Q. With reference to chemical fertilizers in India, consider the following statements:- At present, the retail price of chemical fertilizers is market-driven and not administered by the Government.
- Ammonia, which is an input of urea, is produced from natural gas.
- Sulphur, which is a raw material for phosphoric acid fertilizer, is a by-product of oil refineries.
Which of the statements given above is/are correct? (UPSC Prelims 2020)
Answer:
2 and 3 only
Notes: The correct answer is
[B] 2 and 3 only. In India, the fertilizer sector is heavily regulated to ensure affordability for farmers and self-sufficiency in production.
- Retail Prices (Statement 1 – Incorrect): The Government of India strictly controls the price of Urea through the New Urea Policy. For Non-Urea fertilizers (P&K), while prices were technically decontrolled under the Nutrient Based Subsidy (NBS) scheme in 2010, the government still informally influences prices by fixing subsidy rates. Therefore, prices are administered/subsidized, not purely market-driven.

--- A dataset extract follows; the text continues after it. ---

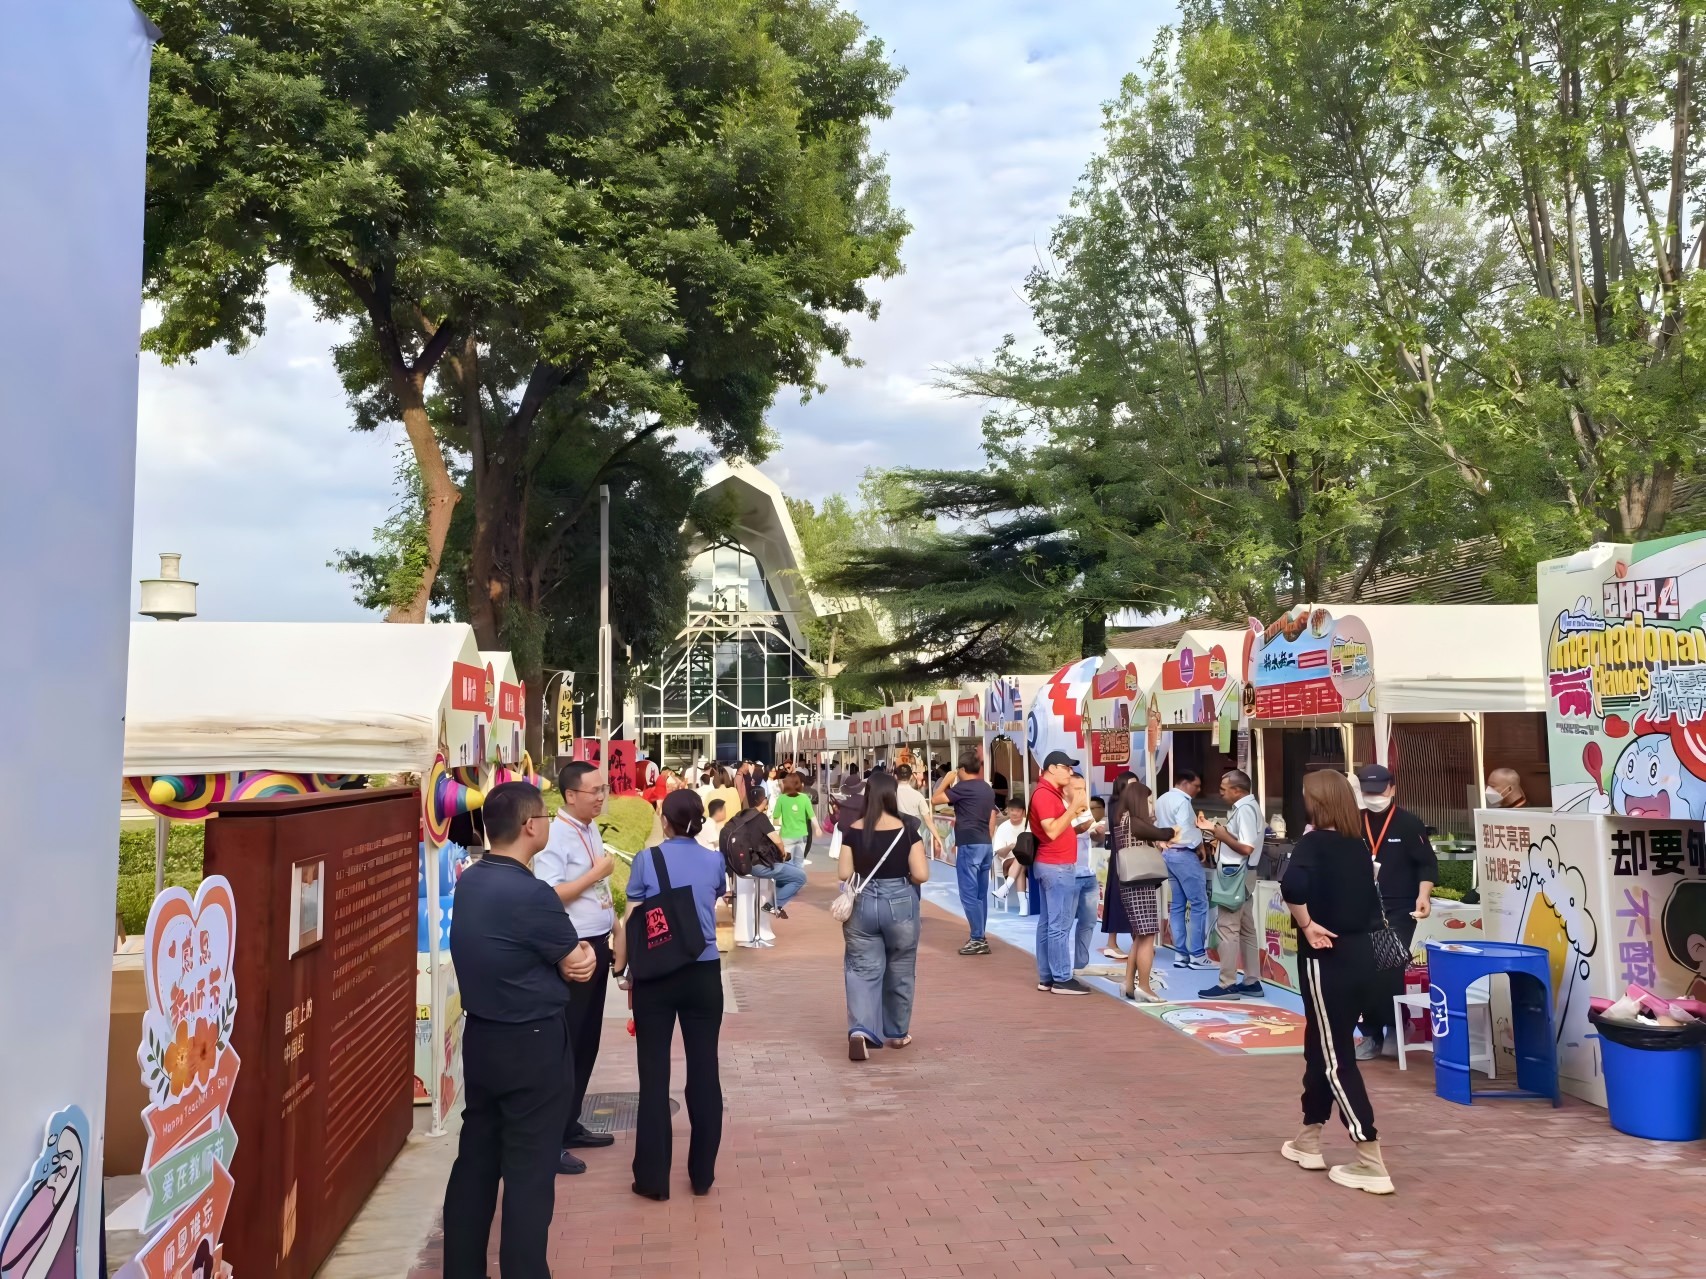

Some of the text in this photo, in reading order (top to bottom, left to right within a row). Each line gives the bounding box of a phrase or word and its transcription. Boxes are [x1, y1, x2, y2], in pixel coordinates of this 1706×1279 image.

[1604, 577, 1680, 619] 2024
[1483, 824, 1531, 852] 到天亮再
[1485, 856, 1521, 884] 说晚安
[162, 1114, 184, 1137] Happy

- Ammonia Production (Statement 2 – Correct): Ammonia (NH3) is a critical intermediate for nitrogenous fertilizers like Urea. Most industrial ammonia in India is produced via the Haber-Bosch process using natural gas (methane) as the primary feedstock for hydrogen.

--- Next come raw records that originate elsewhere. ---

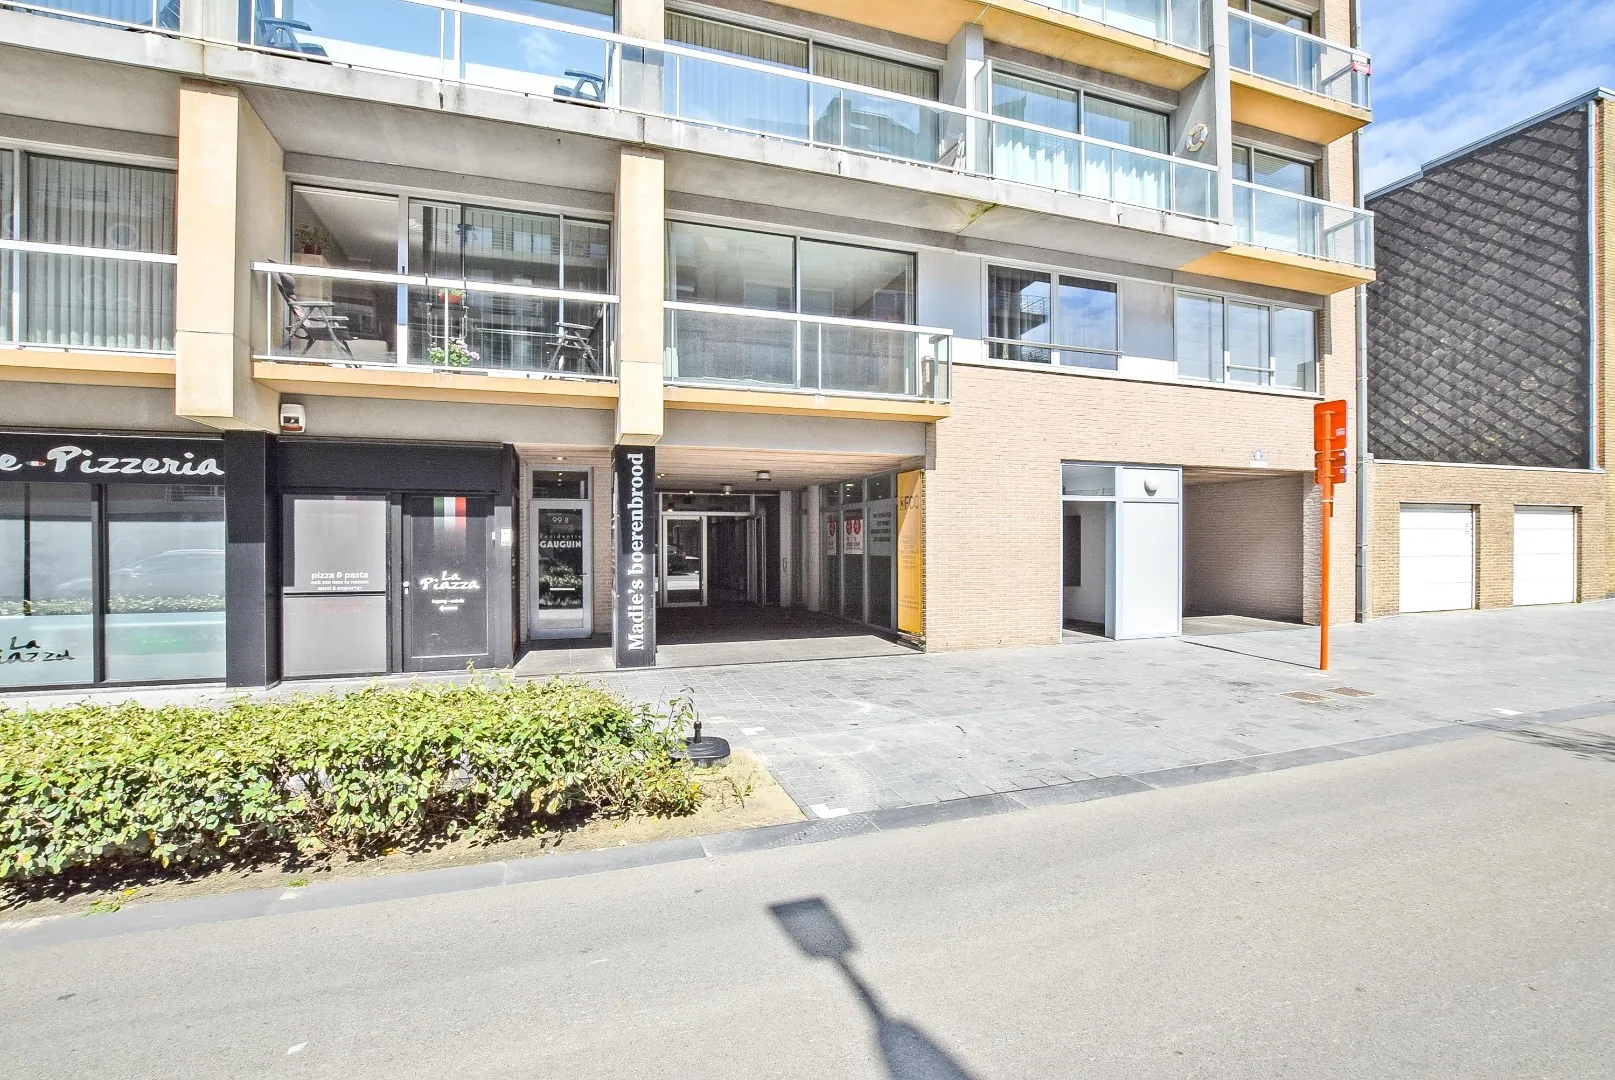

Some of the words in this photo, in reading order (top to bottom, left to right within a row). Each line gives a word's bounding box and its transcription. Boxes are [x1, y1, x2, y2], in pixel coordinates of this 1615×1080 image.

[47, 446, 225, 475] Pizzeria
[552, 516, 562, 524] 99
[627, 453, 644, 576] boerenbrood
[539, 540, 582, 548] GAUGUIN
[311, 571, 335, 580] pizza
[344, 571, 369, 579] pasta
[441, 570, 461, 580] La
[419, 577, 480, 590] Piazza
[627, 579, 644, 651] Madie's
[9, 636, 41, 650] La
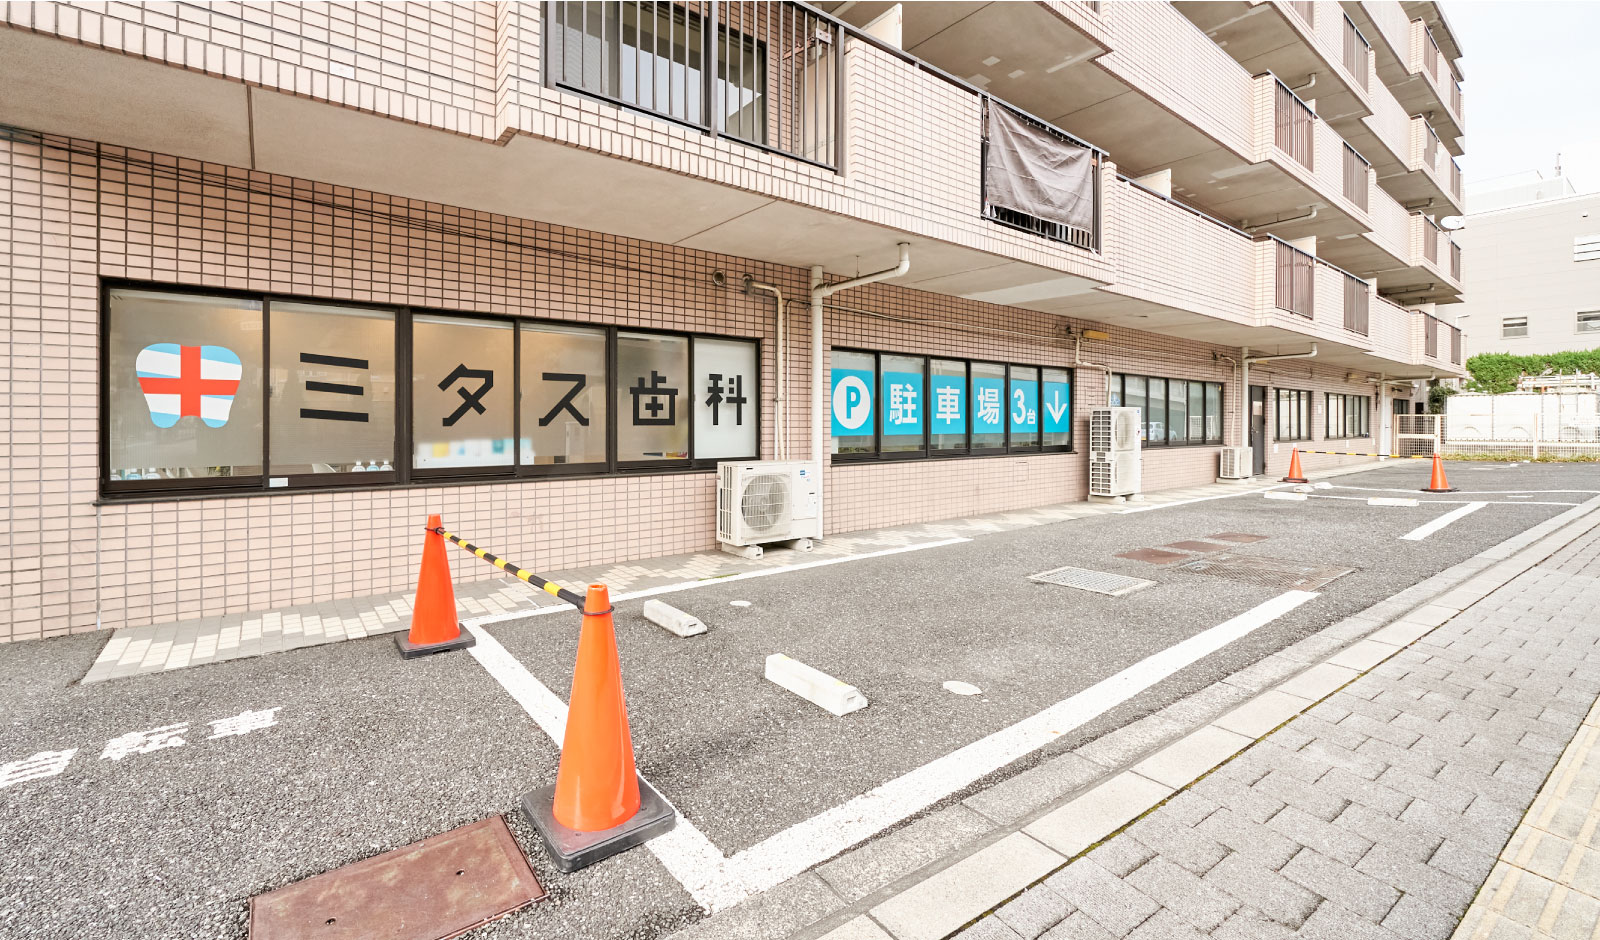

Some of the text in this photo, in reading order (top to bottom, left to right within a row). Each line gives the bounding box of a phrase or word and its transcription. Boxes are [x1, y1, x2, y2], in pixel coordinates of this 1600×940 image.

[299, 352, 747, 427] ミタス歯科
[845, 385, 861, 420] P

- Sulphur Sourcing (Statement 3 – Correct): Sulphur is essential for manufacturing phosphoric acid and SSP fertilizers. A significant portion of elemental sulphur is recovered as a by-product during the desulphurization of crude oil in petroleum refineries and the processing of natural gas.
Current trends show the government moving toward "One Nation, One Fertilizer" (Bharat brand) to standardize quality and branding across the country while maintaining the subsidy regime.